Ternyata tidak semua kelas dimasuki oleh guru. Tingkat 2 mendominasi kerumunan di pinggir lapangan. Semua murid yang sedang free class menyoraki mereka berdua yang sedang berlari sambil berpegangan tangan.

‘Astaga! Mereka sangat serasi! Kyaa’

‘Hei, aku kenal murid bule itu! Dia sangat berprestasi di SMP, aku satu SMP dengannya’

‘Ya tuhan! Aku mau seperti itu dengan kekasihku’

Mark terlihat seperti kekasih yang perhatian...

Pekikan kakak kelasnya membuat Haechan merona. Kekasih? Hei, mereka hanya sahabat sepopok.

Ia sedikit melirik ke wajah Mark, ternyata biasa saja. Tampak tak menanggapi pekikan yang terdengar.

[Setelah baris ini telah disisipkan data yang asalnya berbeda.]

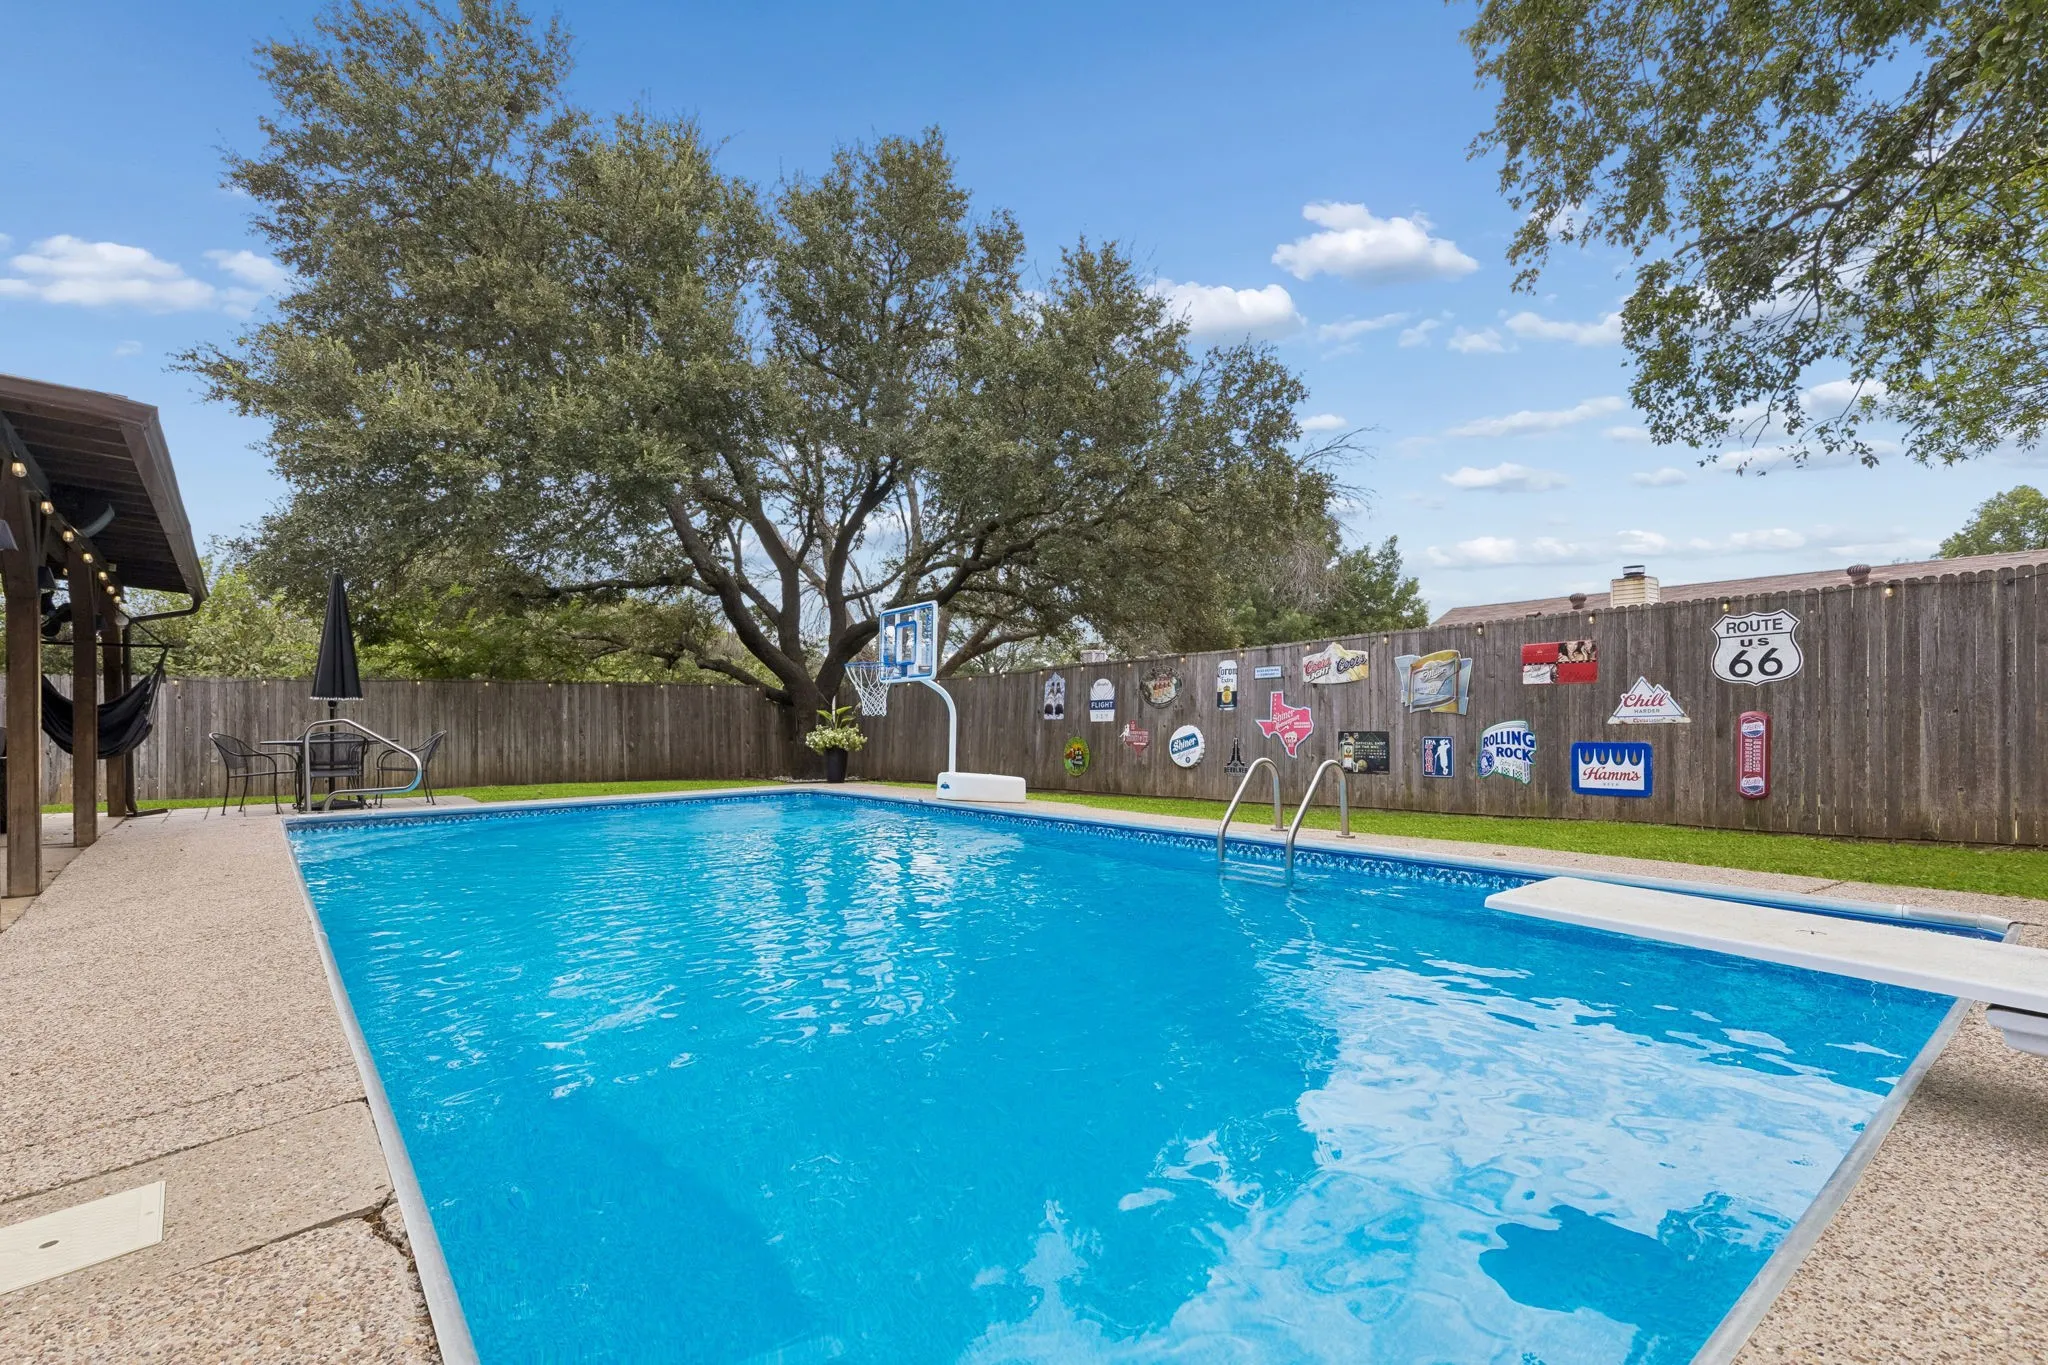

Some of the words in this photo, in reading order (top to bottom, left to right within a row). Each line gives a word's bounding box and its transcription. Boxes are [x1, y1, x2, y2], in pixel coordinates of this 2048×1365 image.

[1726, 618, 1783, 634] ROUTE
[1740, 638, 1769, 647] US
[1336, 654, 1367, 674] Coors
[1729, 648, 1783, 678] 66
[1091, 701, 1114, 709] FLIGHT
[1623, 693, 1668, 708] Chill
[1172, 736, 1197, 753] Shiner
[1483, 730, 1535, 749] ROLLING
[1496, 747, 1535, 764] ROCK
[1582, 766, 1642, 782] Hamm's
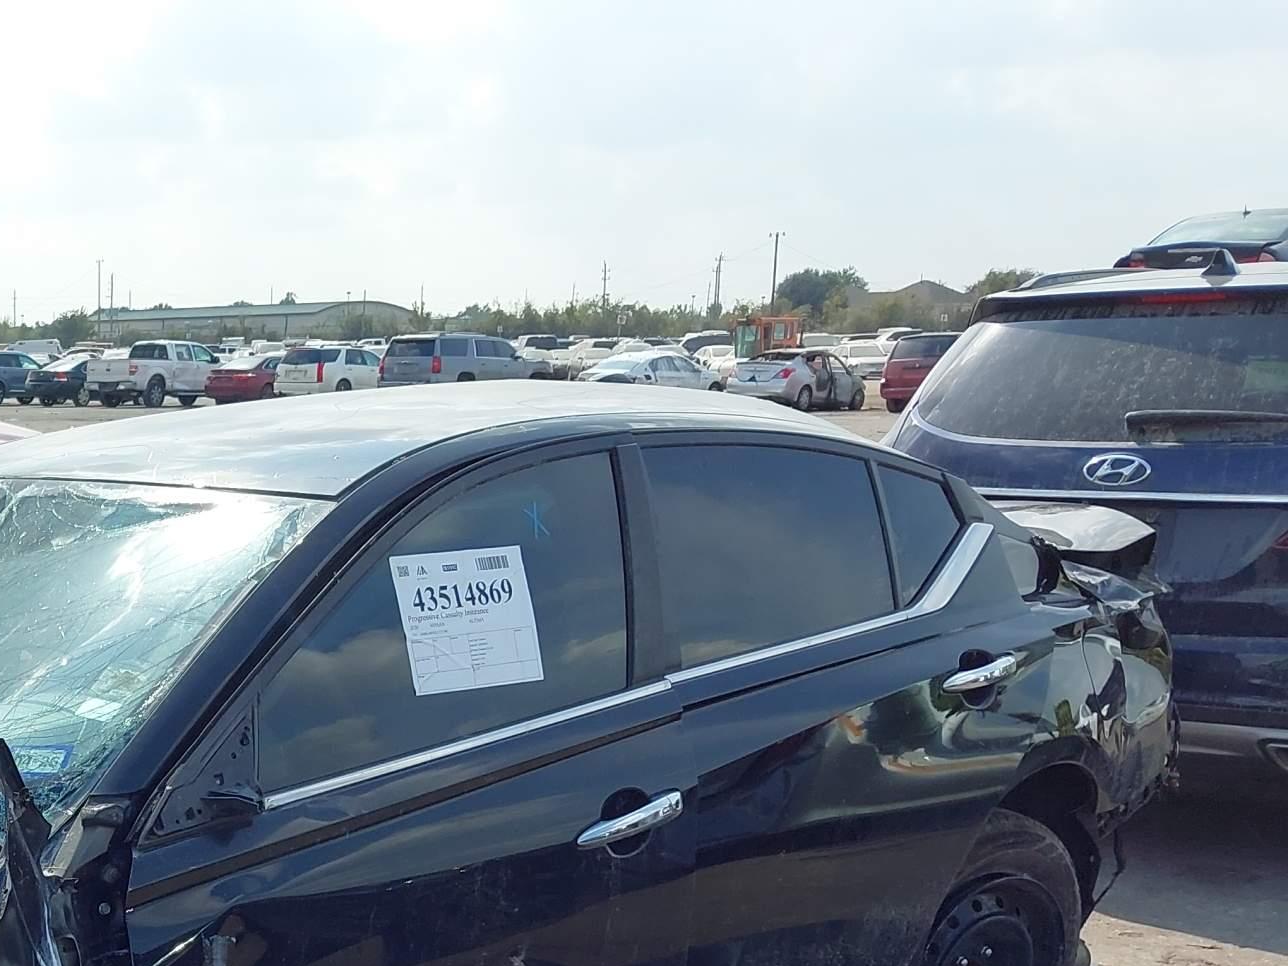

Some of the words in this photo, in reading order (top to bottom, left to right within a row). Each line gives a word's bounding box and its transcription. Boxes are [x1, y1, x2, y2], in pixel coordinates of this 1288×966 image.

[412, 578, 513, 612] 43514869
[408, 613, 439, 624] Progressive
[440, 610, 463, 620] Casualty
[464, 608, 489, 617] Insurance
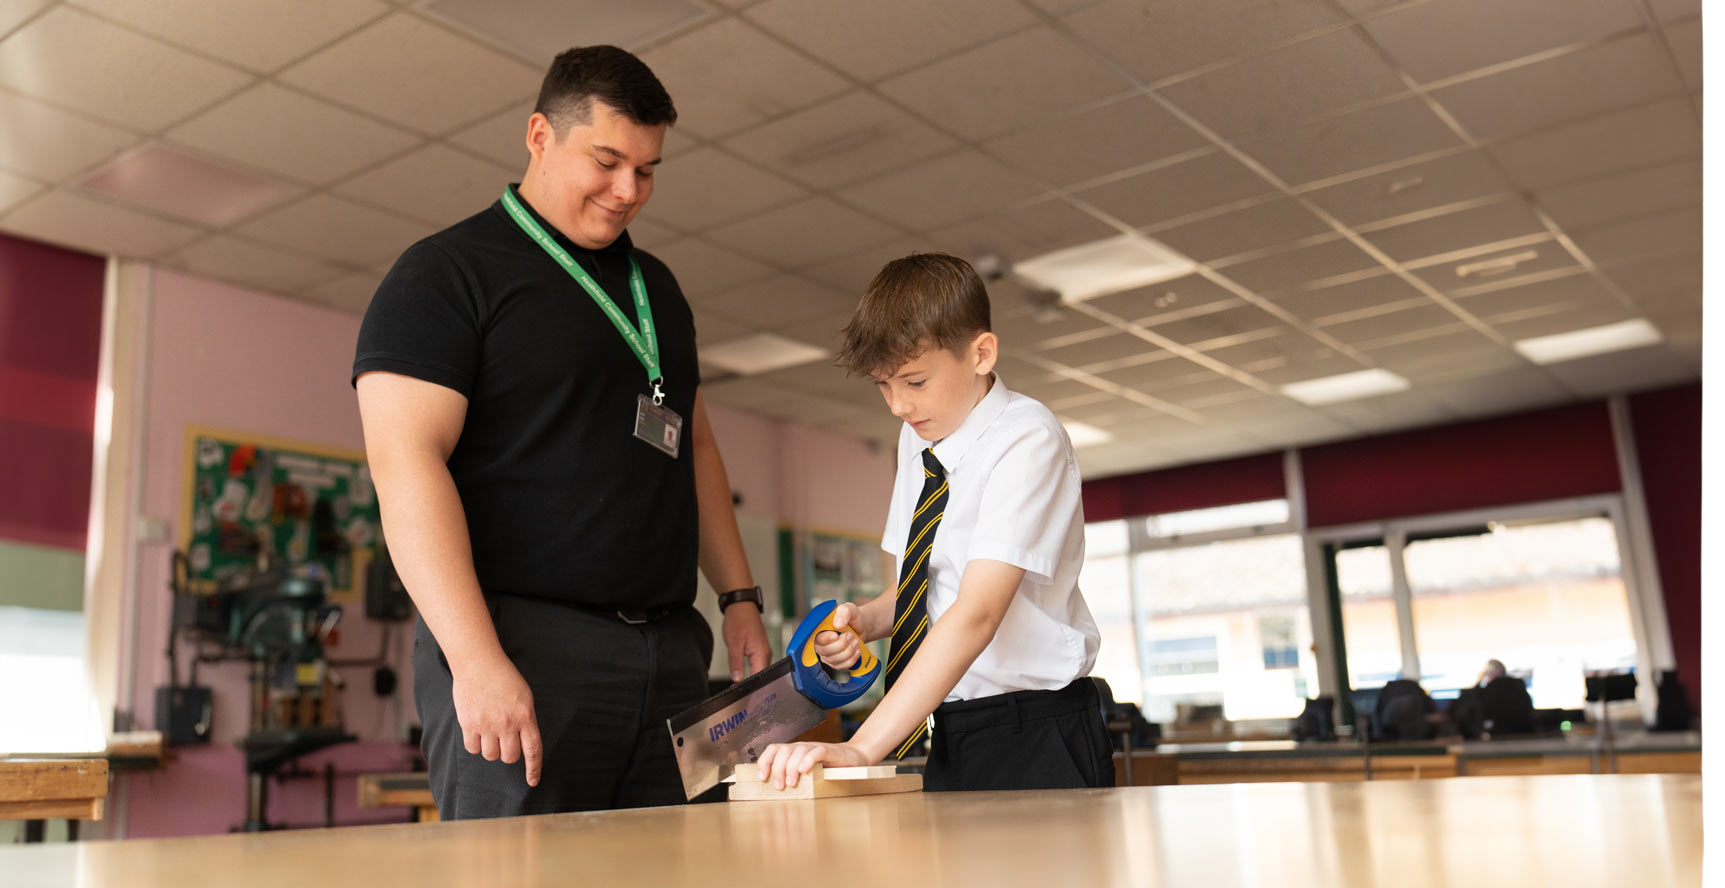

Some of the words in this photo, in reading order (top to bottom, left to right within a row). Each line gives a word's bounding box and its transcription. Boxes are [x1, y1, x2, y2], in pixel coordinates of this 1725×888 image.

[542, 237, 562, 255] School
[559, 253, 574, 268] Staff
[604, 301, 631, 335] Community
[629, 332, 646, 354] School
[643, 353, 656, 368] Staff
[709, 708, 748, 742] IRWIN

Sadar Haechan memperhatikannya, ia menoleh. Memberikan senyuman terbaiknya pada pemuda tan itu. Ia tahu Haechan merona, makanya ia tergelak. Mereka tergelak bersama masih dengan keadaan berlari.

Tak terasa sudah 15 putaran, Haechan sudah merasakan napasnya mulai memendek. Mark menyadari itu,
“Haechanie, semangat! Ayo, aku bersamamu!” mengeratkan genggaman tangan mereka.

“Ne!” semangat Haechan pun bangkit lagi. 5 putaran lagi, semangat!

Akhirnya putaran ke-20 pun sudah selesai. Haechan terlebih dahulu merebahkan diri di sudut lapangan, Mark menyusulnya. Awalnya, mereka merebahkan tubuh mereka berdampingan. Namun Haechan merasakan perutnya di tindih tangan seseorang. Saat membuka matanya untuk melihat pelakunya, ternyata kepala Mark didepan wajahnya. Ya, pemuda Kanada-Korea itu memeluknya. Pipinya merona sebentar, lalu tangannya mengusak surai hitam Mark.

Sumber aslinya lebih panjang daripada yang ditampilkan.